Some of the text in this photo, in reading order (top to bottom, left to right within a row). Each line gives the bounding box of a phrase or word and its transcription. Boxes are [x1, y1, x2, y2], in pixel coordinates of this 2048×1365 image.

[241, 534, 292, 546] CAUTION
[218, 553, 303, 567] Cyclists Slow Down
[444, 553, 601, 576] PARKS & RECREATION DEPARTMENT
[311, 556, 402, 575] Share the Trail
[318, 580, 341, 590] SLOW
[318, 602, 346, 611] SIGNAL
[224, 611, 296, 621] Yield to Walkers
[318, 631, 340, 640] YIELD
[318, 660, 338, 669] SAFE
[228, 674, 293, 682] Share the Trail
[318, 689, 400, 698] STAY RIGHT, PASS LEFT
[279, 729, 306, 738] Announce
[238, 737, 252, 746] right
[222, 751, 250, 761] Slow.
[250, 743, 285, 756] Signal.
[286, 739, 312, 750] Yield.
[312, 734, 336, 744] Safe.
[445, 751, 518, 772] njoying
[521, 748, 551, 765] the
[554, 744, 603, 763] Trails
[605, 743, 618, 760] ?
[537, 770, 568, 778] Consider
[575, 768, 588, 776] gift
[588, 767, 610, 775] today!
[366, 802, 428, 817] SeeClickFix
◇ ◇ ◇ ◇
● **About this task**:
Every entry above has to be returned exactly as written.

● **Answer area**:
Some of the text in this photo, in reading order (top to bottom, left to right within a row). Each line gives the bounding box of a phrase or word and its transcription. Boxes are [x1, y1, x2, y2], in pixel coordinates of this 2048×1365 image.

[241, 534, 292, 546] CAUTION
[218, 553, 303, 567] Cyclists Slow Down
[444, 553, 601, 576] PARKS & RECREATION DEPARTMENT
[311, 556, 402, 575] Share the Trail
[318, 580, 341, 590] SLOW
[318, 602, 346, 611] SIGNAL
[224, 611, 296, 621] Yield to Walkers
[318, 631, 340, 640] YIELD
[318, 660, 338, 669] SAFE
[228, 674, 293, 682] Share the Trail
[318, 689, 400, 698] STAY RIGHT, PASS LEFT
[279, 729, 306, 738] Announce
[238, 737, 252, 746] right
[222, 751, 250, 761] Slow.
[250, 743, 285, 756] Signal.
[286, 739, 312, 750] Yield.
[312, 734, 336, 744] Safe.
[445, 751, 518, 772] njoying
[521, 748, 551, 765] the
[554, 744, 603, 763] Trails
[605, 743, 618, 760] ?
[537, 770, 568, 778] Consider
[575, 768, 588, 776] gift
[588, 767, 610, 775] today!
[366, 802, 428, 817] SeeClickFix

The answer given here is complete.